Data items
╭──
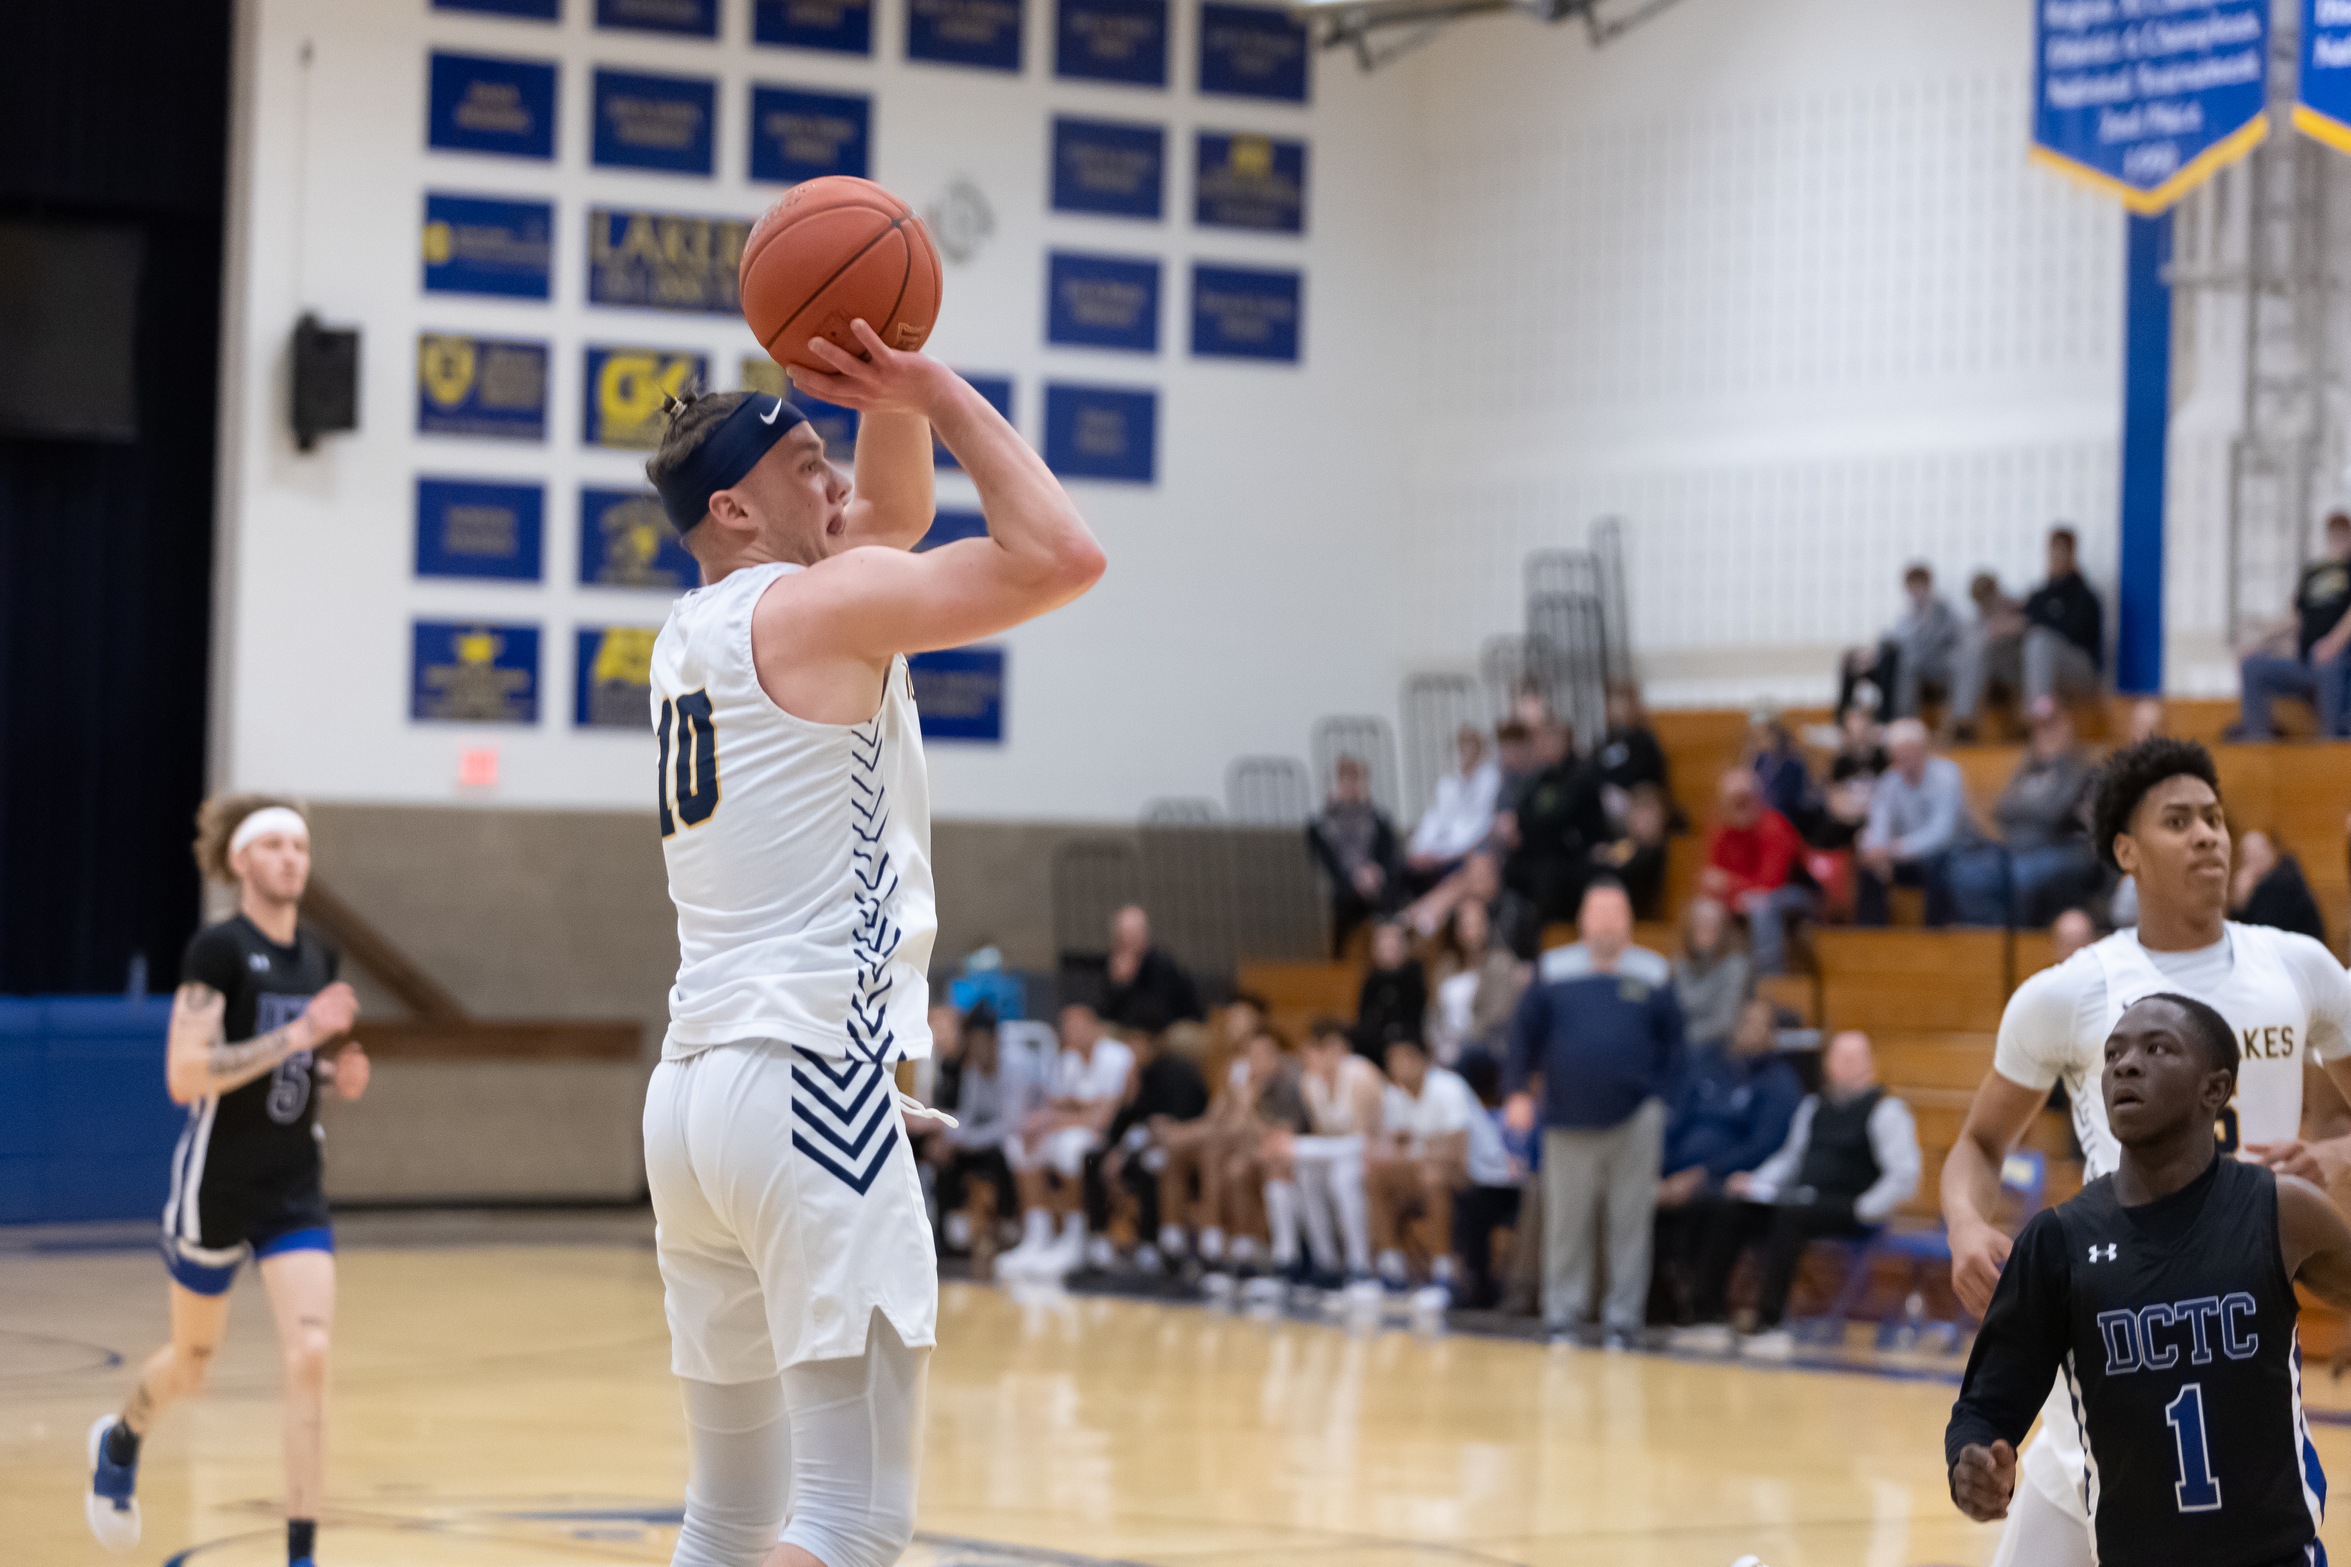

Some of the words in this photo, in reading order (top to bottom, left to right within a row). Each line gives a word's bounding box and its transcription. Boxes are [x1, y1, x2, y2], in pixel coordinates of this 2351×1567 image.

[657, 686, 722, 841] 10
[2239, 1025, 2294, 1060] KES
[2098, 1291, 2259, 1376] DCTC
[2165, 1383, 2222, 1513] 1
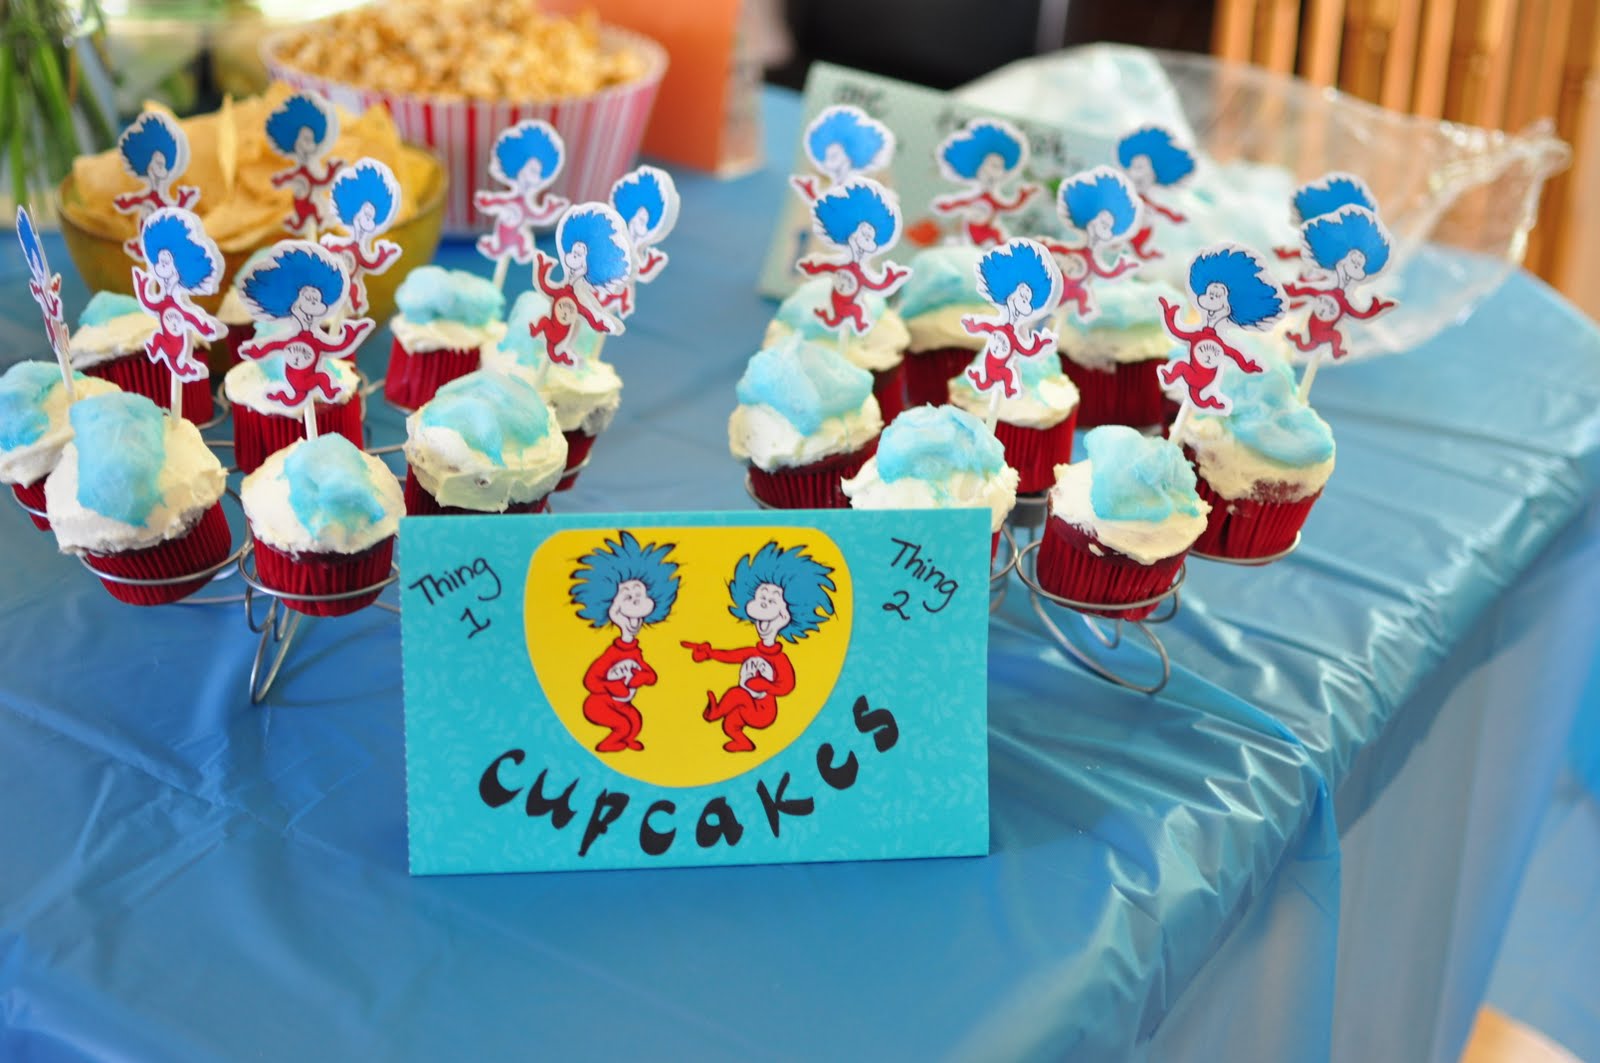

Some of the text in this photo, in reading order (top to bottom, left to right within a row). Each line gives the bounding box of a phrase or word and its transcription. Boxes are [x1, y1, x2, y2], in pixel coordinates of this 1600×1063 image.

[1198, 343, 1220, 357] THING
[1205, 355, 1211, 365] 2
[408, 557, 502, 606] Thing
[890, 537, 959, 614] Thing
[882, 590, 911, 621] 2
[460, 607, 491, 639] 1
╰──
### WHAT YOU ARE ASKED TO DO:
Give the data above again, exactly, with every picture removed.

### EXERCISE RESULT:
Some of the words in this photo, in reading order (top to bottom, left to right within a row). Each line gives a word's bounding box and its transcription. Boxes are [x1, y1, x2, y2], in pixel coordinates of this 2351×1567 image.

[657, 686, 722, 841] 10
[2239, 1025, 2294, 1060] KES
[2098, 1291, 2259, 1376] DCTC
[2165, 1383, 2222, 1513] 1

Some of the text in this photo, in reading order (top to bottom, left to right within a row). Each line gives the bounding box of a phrase or word and its transcription. Boxes are [x1, y1, x2, y2], in pixel coordinates of this 1600×1063 image.

[1198, 343, 1220, 357] THING
[1205, 355, 1211, 365] 2
[408, 557, 502, 606] Thing
[890, 537, 959, 614] Thing
[882, 590, 911, 621] 2
[460, 607, 491, 639] 1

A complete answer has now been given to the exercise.